A federal judge on Friday ruled the Trump administration's expansion of so-called short-term, limited-duration health insurance plans can move ahead, rejecting an insurer group's attempt to strike down the move.
The plaintiff, the Association for Community Affiliated Plans, immediately said it will appeal. The group represents not-for-profit health plans deeply invested in the Affordable Care Act exchanges.
In his written decision, U.S. District Judge Richard Leon in Washington, D.C., said the controversial 2018 regulation could benefit the insurance market, disputing the ACAP's claim that it would help drive death spirals for the Obamacare exchanges.
"Not only is any potential negative impact from the 2018 rule minimal, but its benefits are undeniable," Leon wrote.
He said Congress' effective axing of Obamacare's individual mandate penalty for the uninsured makes the option for cheaper plans more desirable, since more people would likely forgo insurance rather than pay for expensive premiums in the Affordable Care Act's exchanges.
Leon acknowledged that the ACA established "interdependent" reforms designed to work together throughout the individual market. But he also pointed out that the law exempted many types of health insurance and grandfathered in certain state-specific risk pools.
"In other words, lawmakers were not rigidly pursuing the ACA-compliant market at all costs, e.g. at the risk of individuals going without insurance," he wrote.
The ACAP lawsuit has dragged on for months, although the judge spelled trouble for the case from the start.
In the first round of arguments last October, Leon urged ACAP's lawyers to drop the lawsuit until data showed the ACAP plans were seeing irreparable harm to their business.
The rule, finalized in August 2018 and in effect since early October 2018, allows up to 12 months of coverage through short-term plans. People can renew this coverage for up to 36 months.
The plans don't have to cover people with pre-existing conditions, nor are they subject to the ACA's mandates such as coverage for the 10 essential benefits, includinge mental healthcare, maternity care and prescription drugs.
In a second round of arguments in May, Leon signaled reluctance to block the regulation in the absence of congressional action to address the issue.
He noted in his decision that the plaintiffs appeared to agree that Congress, by not addressing short-term plans, had left a gap for agencies to fill in interpreting the statute. And he emphasized that the Obama administration didn't curb enrollment in these plans until 2016, two years after the ACA went into effect.
The ACAP said it isn't finished with the lawsuit yet, and Leon last October outright accused the group's lawyers of filing the claim early in order to "jump the line" to the U.S. Supreme Court.
"We remain firm in our contention that the Trump administration's decision to expand dramatically the sale of junk insurance violates the Affordable Care Act and is arbitrary and capricious.

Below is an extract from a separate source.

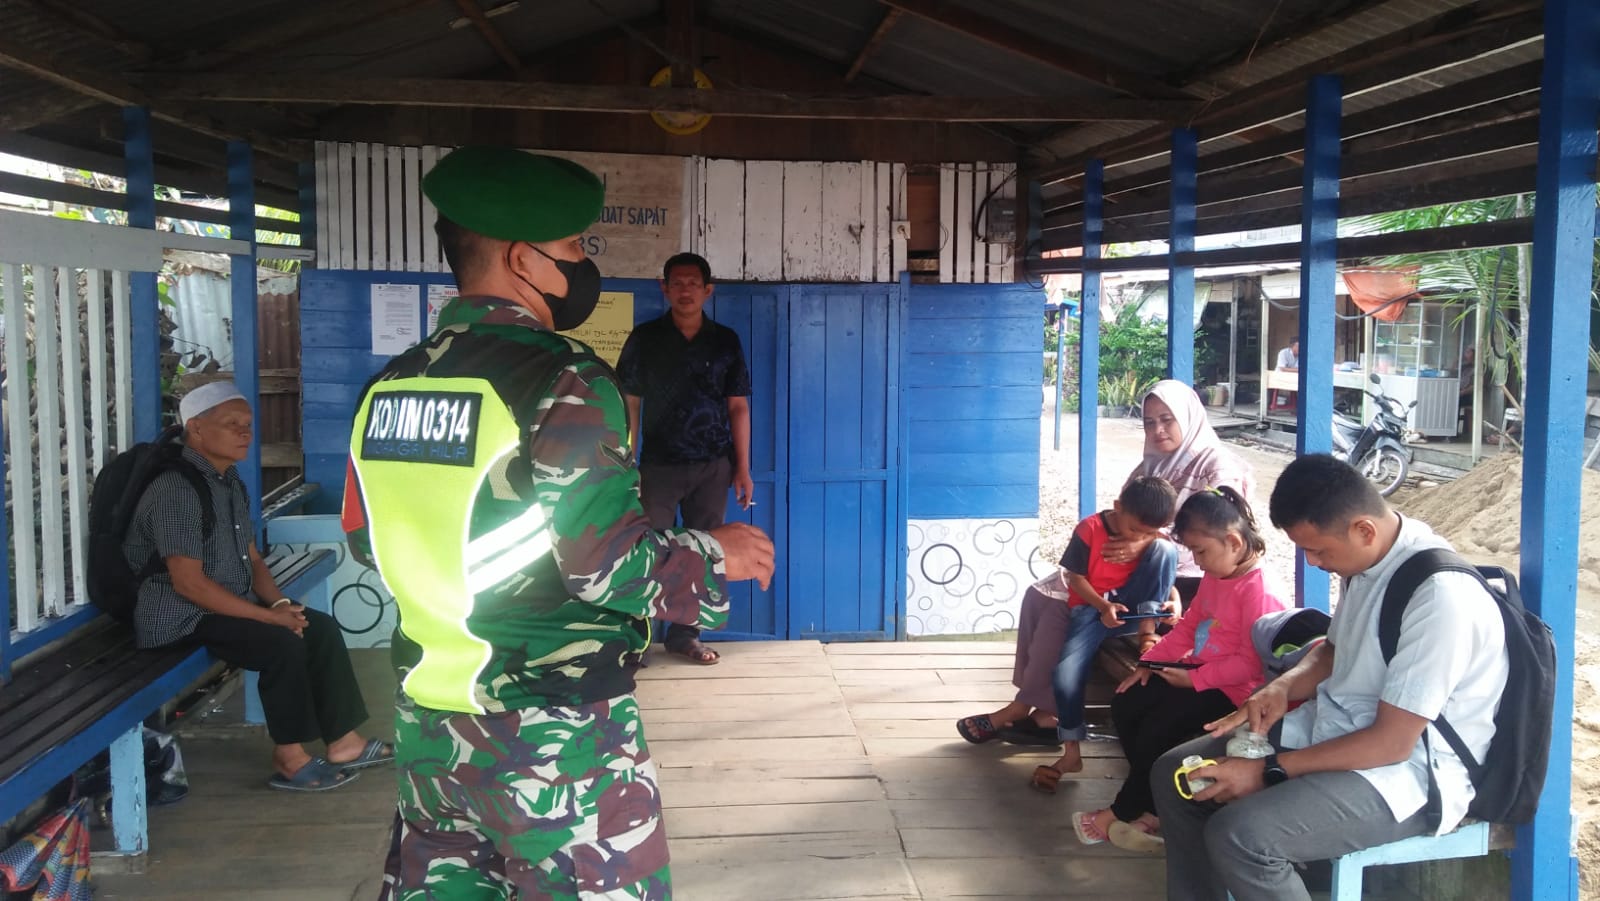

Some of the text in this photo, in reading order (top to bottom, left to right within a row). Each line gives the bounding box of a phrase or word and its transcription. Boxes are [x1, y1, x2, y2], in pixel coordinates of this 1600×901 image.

[597, 206, 668, 226] OAT SAPAT
[422, 397, 472, 443] 0314

Indeed, the district court itself recognized that the administration's decision allows junk insurance to compete directly with comprehensive, Affordable Care Act-compliant insurance plans," ACAP CEO Margaret Murray said in a statement.
Leon's decision follows on the heels of high-profile arguments over the constitutionality of the ACA itself, heard earlier this month by a panel of judges of the 5th U.S. Circuit Court of Appeals.
Leon made an apparent reference to that pending appeal, pointing out in his brief that Congress opted for the tax penalty and the individual mandate as its chosen tool to build healthy exchange markets.